Task: Omit the pictures, then reproduce every remaining record exactly.

*** Recorded data

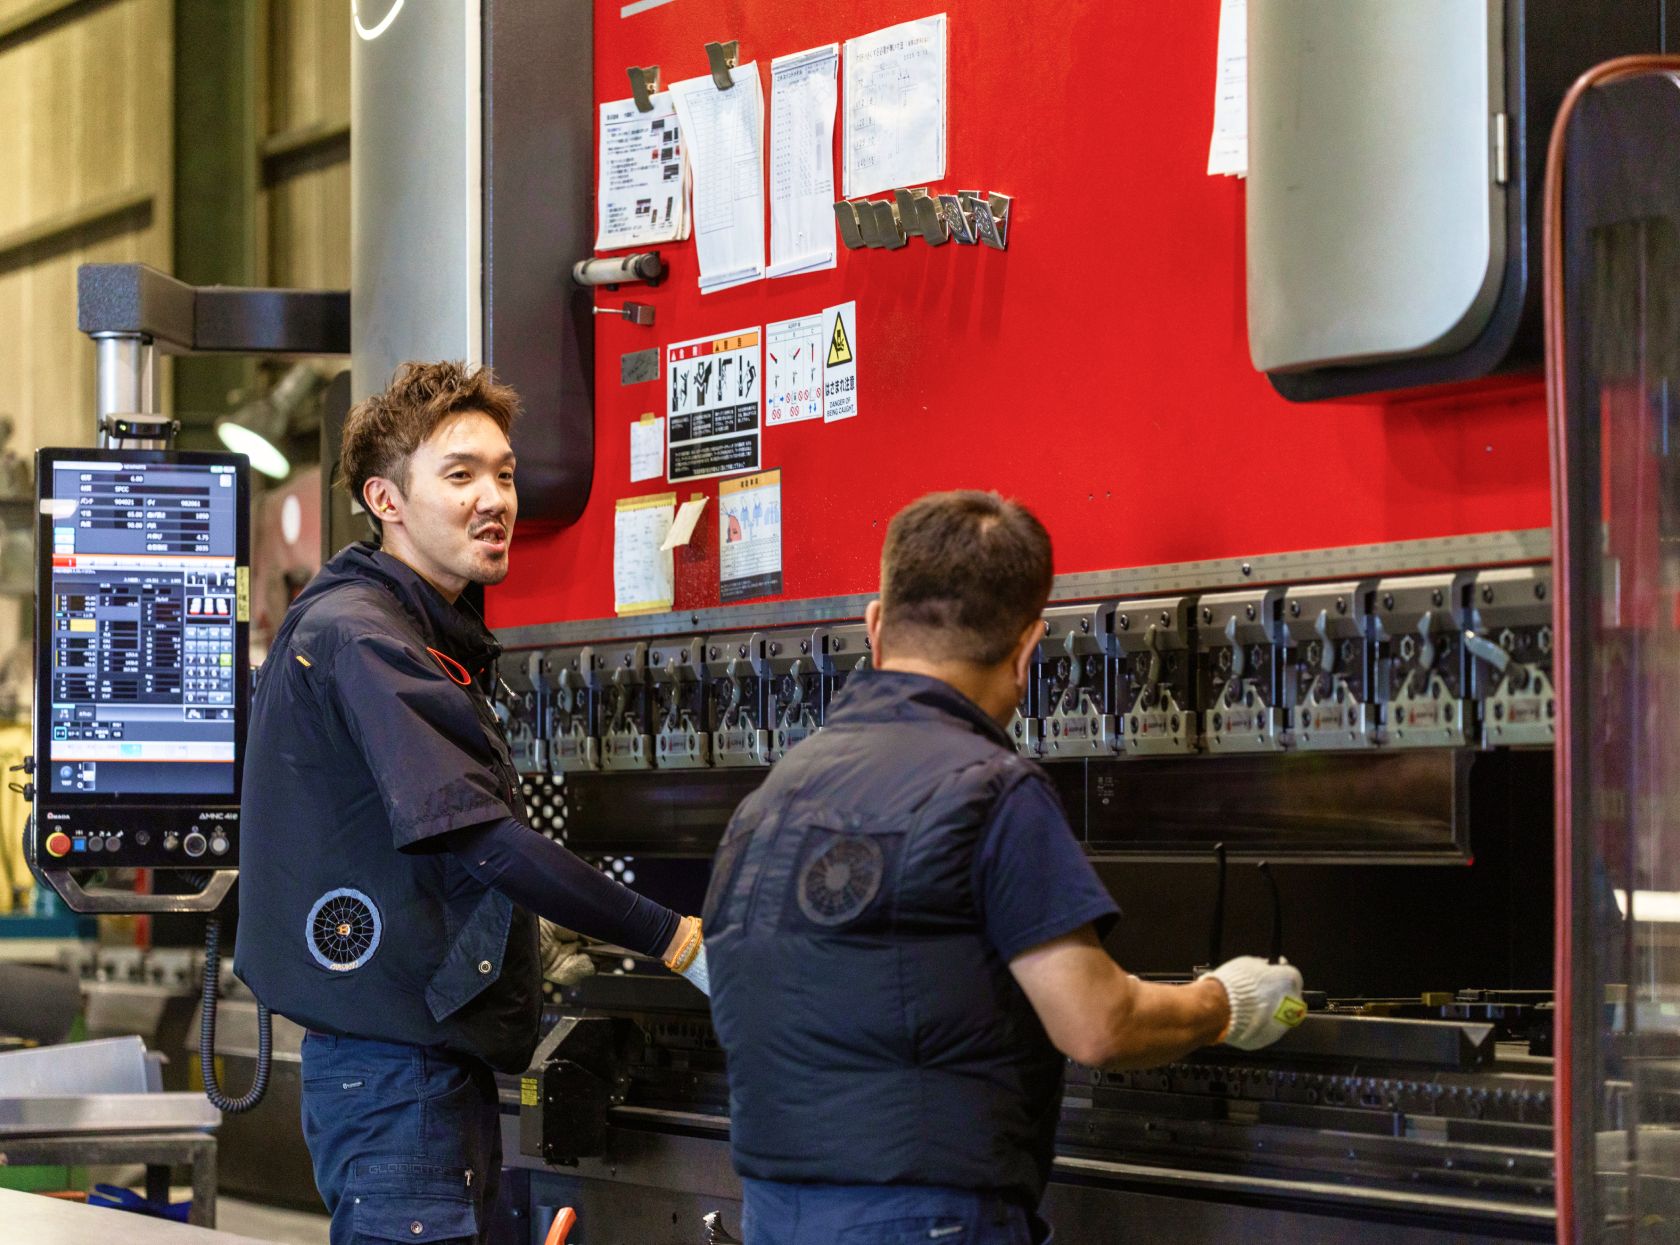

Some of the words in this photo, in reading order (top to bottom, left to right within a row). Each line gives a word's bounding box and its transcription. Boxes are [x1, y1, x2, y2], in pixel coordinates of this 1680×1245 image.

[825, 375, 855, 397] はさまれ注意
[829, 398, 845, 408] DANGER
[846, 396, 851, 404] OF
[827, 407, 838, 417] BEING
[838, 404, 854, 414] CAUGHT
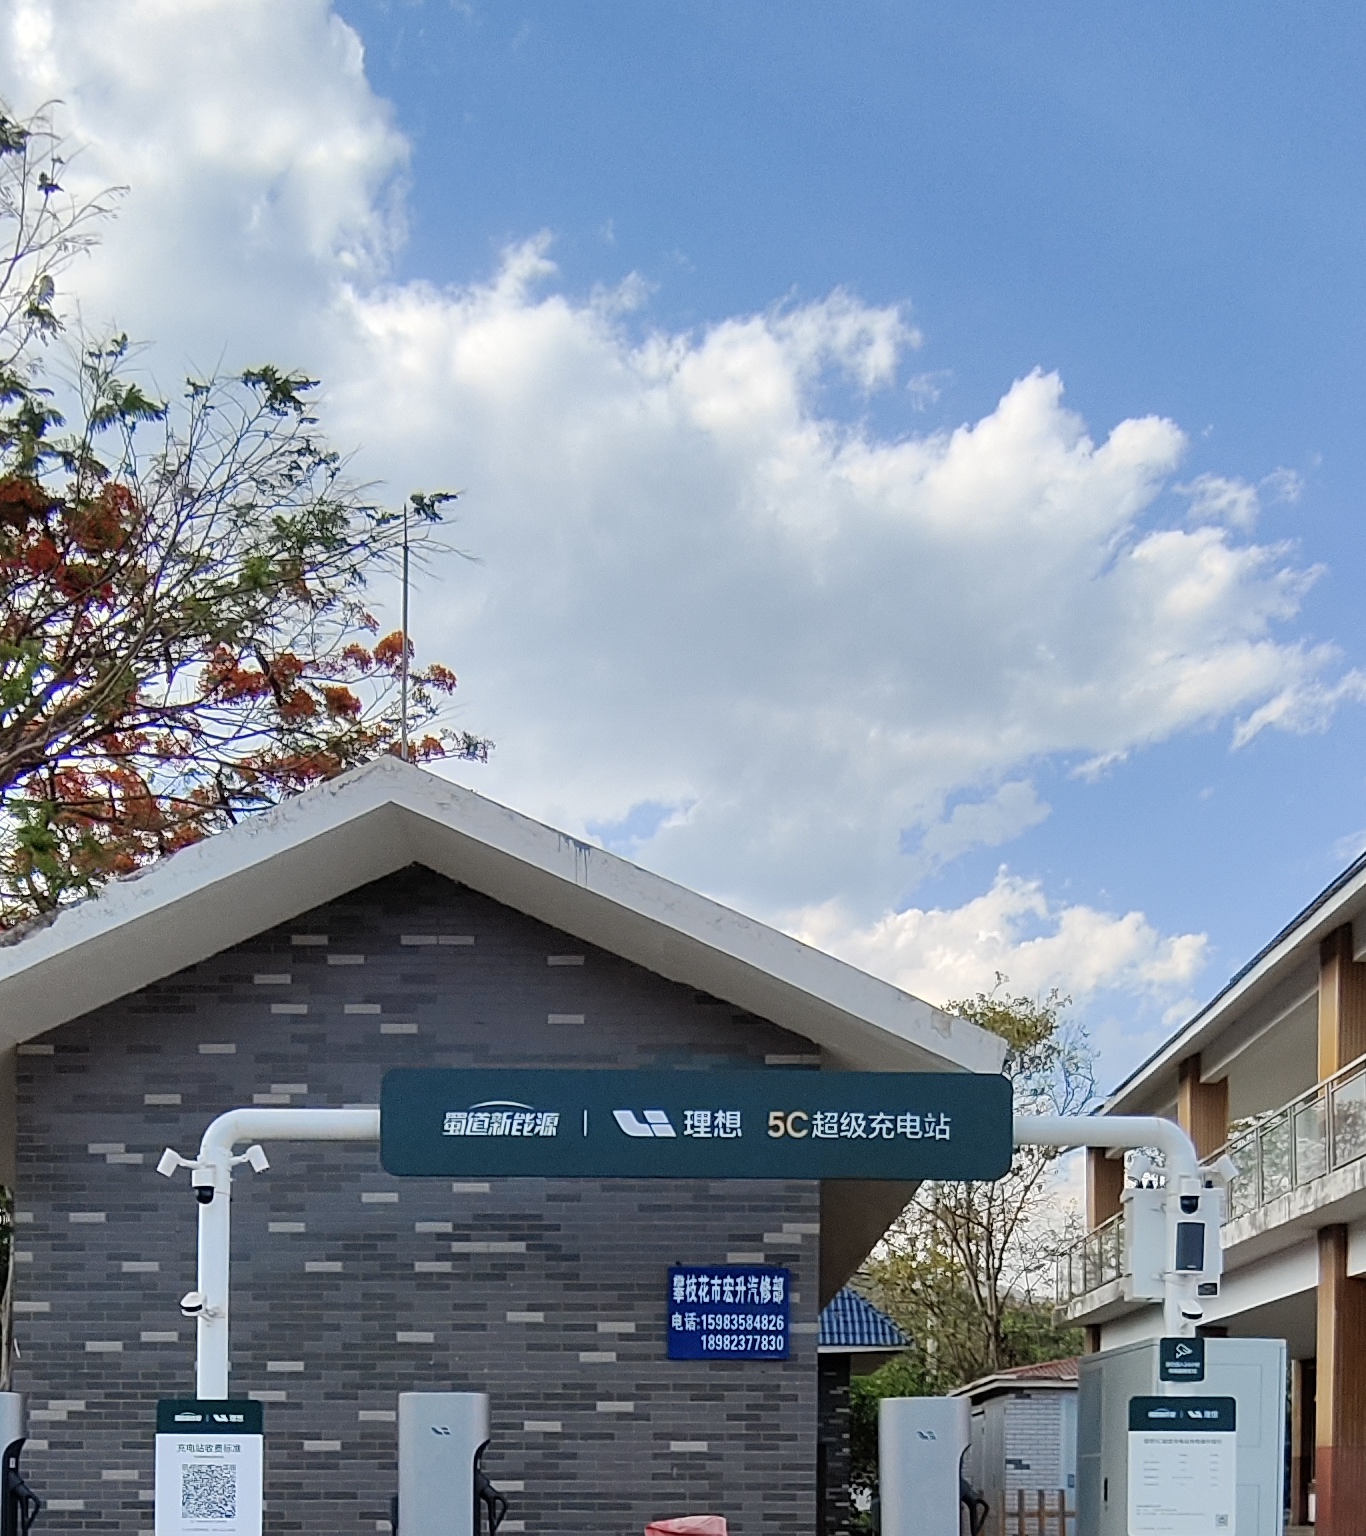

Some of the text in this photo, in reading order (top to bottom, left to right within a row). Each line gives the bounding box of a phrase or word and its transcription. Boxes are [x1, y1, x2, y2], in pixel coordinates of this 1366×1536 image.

******

Response:
Some of the words in this photo, in reading order (top to bottom, left to right within a row). Each line gives a word's bounding box and its transcription. Boxes are [x1, y1, x2, y2], in pixel coordinates of this 1680×1245 image.

[825, 375, 855, 397] はさまれ注意
[829, 398, 845, 408] DANGER
[846, 396, 851, 404] OF
[827, 407, 838, 417] BEING
[838, 404, 854, 414] CAUGHT

Some of the text in this photo, in reading order (top to bottom, left to right within a row). Each line gives the bounding box of a phrase or word and its transcription. Boxes are [x1, y1, x2, y2], in pixel coordinates of this 1366×1536 image.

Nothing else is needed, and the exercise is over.